The Role of Vitamin D in Disease Progression in Early Parkinson’s Disease

BACKGROUND: Previous cross-sectional studies have shown that Parkinson’s disease (PD) patients have lower serum 25-hydroxy vitamin D (25(OH)D) concentrations than controls. Vitamin D deficiency was associated with increased disease severity and cognitive impairment in prevalent PD patients. OBJECTIVE: The aim of the study was to determine 25(OH)D in newly diagnosed PD and age-matched controls and to assess if there was an association with clinical outcomes (disease severity, cognition and falls) over the 36-month follow up period.
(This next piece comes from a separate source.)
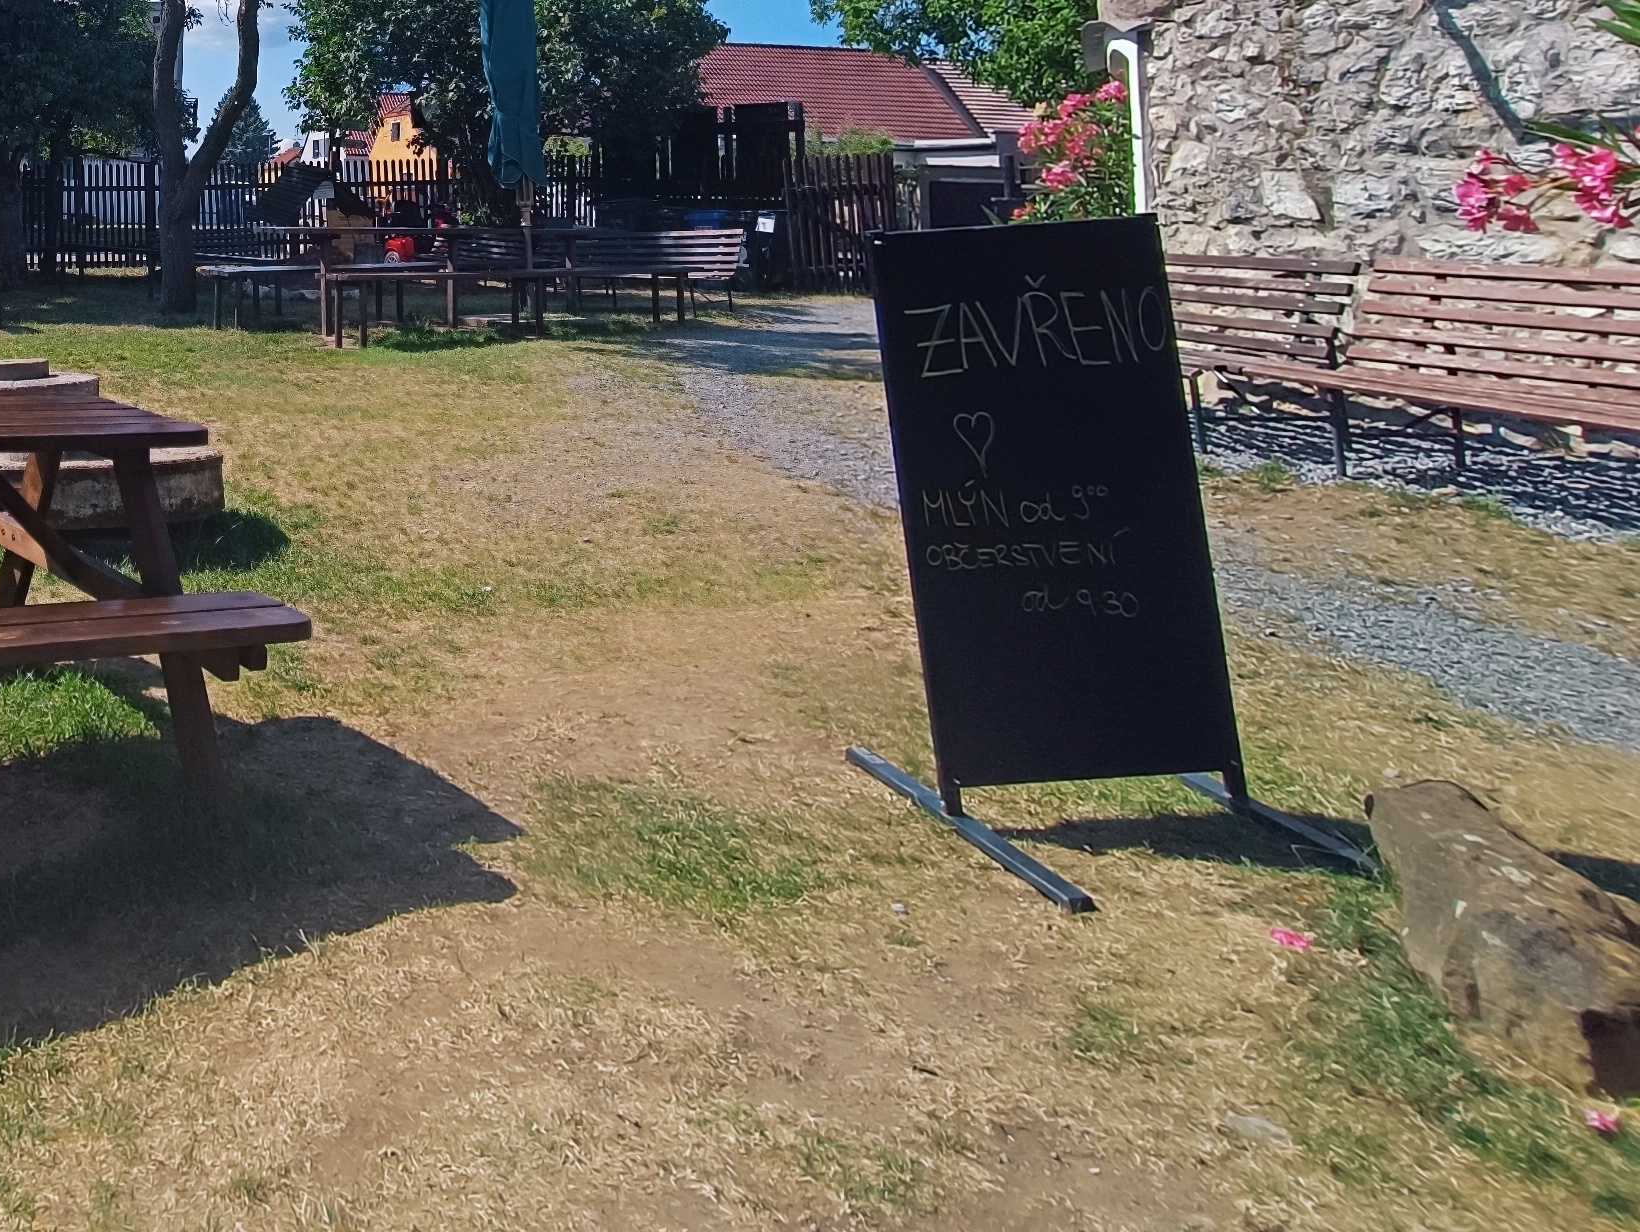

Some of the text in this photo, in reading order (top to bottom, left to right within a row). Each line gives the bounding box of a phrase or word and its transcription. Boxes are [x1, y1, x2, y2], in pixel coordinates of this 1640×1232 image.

METHODS: A prospective observational study of newly diagnosed PD patients in the North East of England with age-matched controls (PD, n = 145; control, n = 94). Serum 25(OH)D was assessed at baseline and 18 months. Participants underwent clinical assessment at baseline, 18 and 36 months. One hundred and ten participants with PD also took part in a prospective falls study. RESULTS: Mean serum 25(OH)D concentrations were lower in PD than control participants at baseline (44.1±21.7 vs. 52.2±22.1 nmol/L, p < 0.05) and 18 months (44.2±23.6 vs. 55.7±28.8 nmol/L, p < 0.05). Baseline serum 25(OH)D concentration, age, motor score and dosage of dopaminergic medication were significant predictors of variance of motor severity at 36 months ((ΔR(2) = 0.039, F = 6.6, p < 0.01). Serum 25(OH)D was not associated with cognition or falls during the follow up period. CONCLUSIONS: Patients with incident PD had significantly lower serum 25(OH)D concentrations than age-matched controls, which may have implications in terms of bone health and fracture risk. There was a small but significant association between vitamin D status at baseline and disease motor severity at 36 months.